● ASSIGNMENT: In the material below, write out each line word for word and omit the pictures.

● TASK INPUTS:
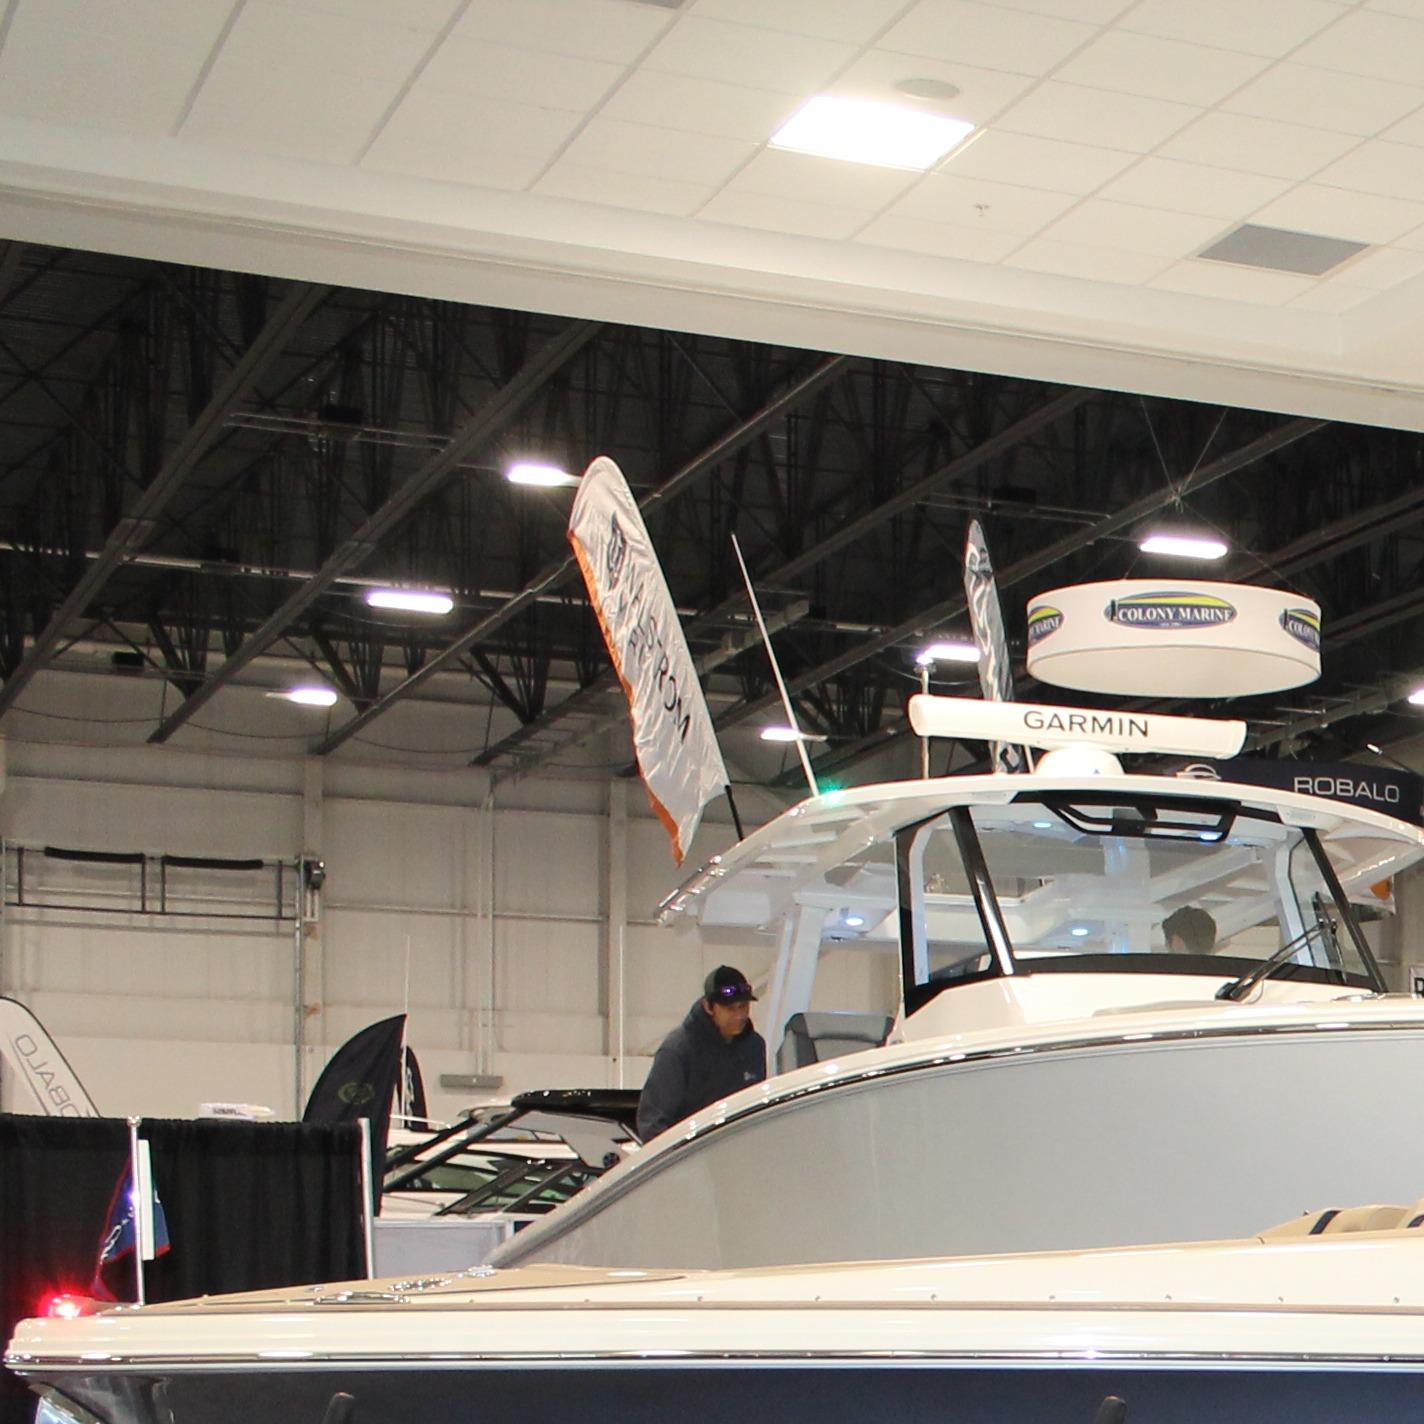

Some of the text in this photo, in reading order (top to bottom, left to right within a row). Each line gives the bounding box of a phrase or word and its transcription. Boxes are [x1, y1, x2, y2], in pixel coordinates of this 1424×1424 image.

[1118, 607, 1232, 622] COLONY MARINE
[1022, 709, 1149, 738] GARMIN
[1293, 776, 1401, 803] ROBALO
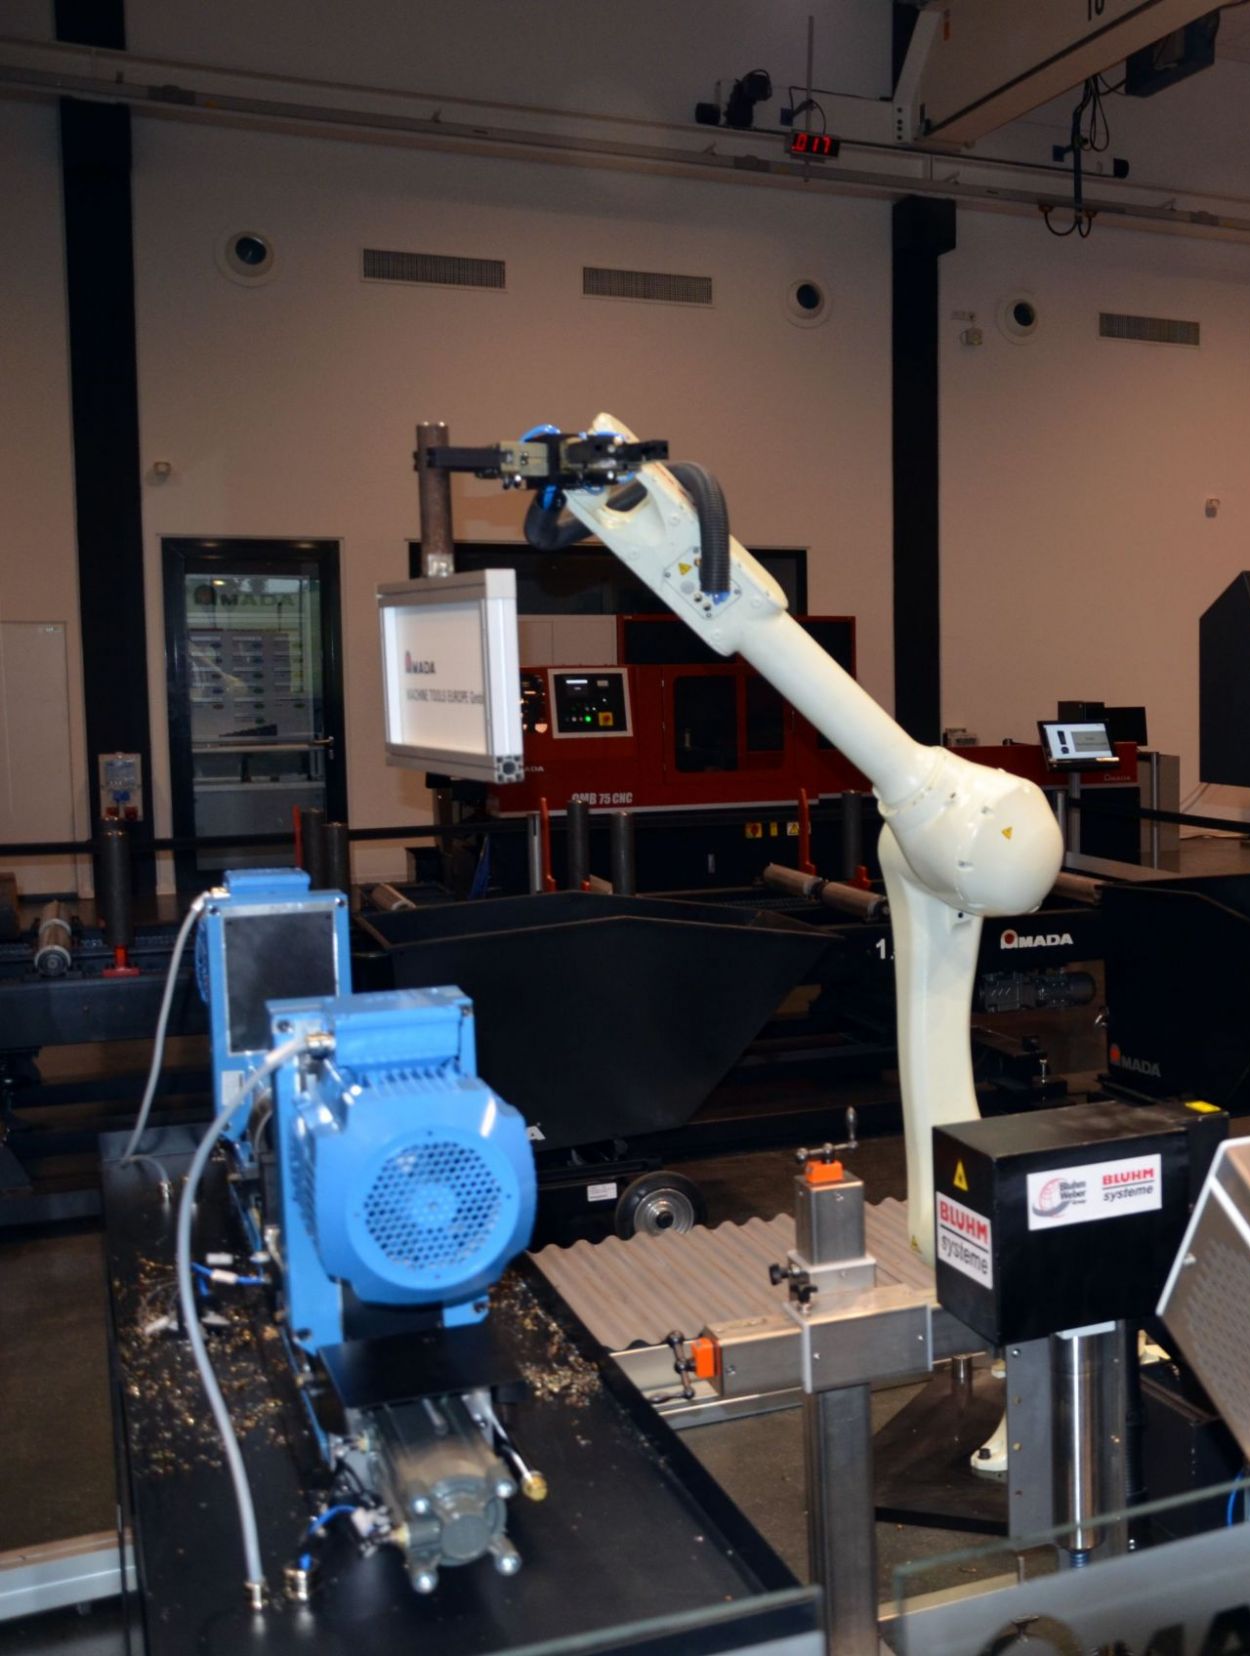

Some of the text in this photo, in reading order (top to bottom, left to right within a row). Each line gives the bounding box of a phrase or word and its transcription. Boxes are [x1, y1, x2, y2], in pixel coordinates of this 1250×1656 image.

[405, 650, 436, 674] AMADA
[599, 793, 611, 805] 75
[612, 792, 633, 804] CNC
[1000, 929, 1074, 949] AMADA
[1110, 1043, 1161, 1078] AMADA
[1102, 1167, 1154, 1186] BLUHM
[1103, 1185, 1154, 1202] systeme
[940, 1200, 989, 1246] BLUHM
[941, 1235, 988, 1275] systeme

● OUTPUT OF THE TASK:
Some of the text in this photo, in reading order (top to bottom, left to right within a row). Each line gives the bounding box of a phrase or word and its transcription. Boxes are [x1, y1, x2, y2], in pixel coordinates of this 1424×1424 image.

[1118, 607, 1232, 622] COLONY MARINE
[1022, 709, 1149, 738] GARMIN
[1293, 776, 1401, 803] ROBALO

Some of the text in this photo, in reading order (top to bottom, left to right within a row). Each line gives the bounding box of a phrase or word and its transcription. Boxes are [x1, y1, x2, y2], in pixel coordinates of this 1250×1656 image.

[405, 650, 436, 674] AMADA
[599, 793, 611, 805] 75
[612, 792, 633, 804] CNC
[1000, 929, 1074, 949] AMADA
[1110, 1043, 1161, 1078] AMADA
[1102, 1167, 1154, 1186] BLUHM
[1103, 1185, 1154, 1202] systeme
[940, 1200, 989, 1246] BLUHM
[941, 1235, 988, 1275] systeme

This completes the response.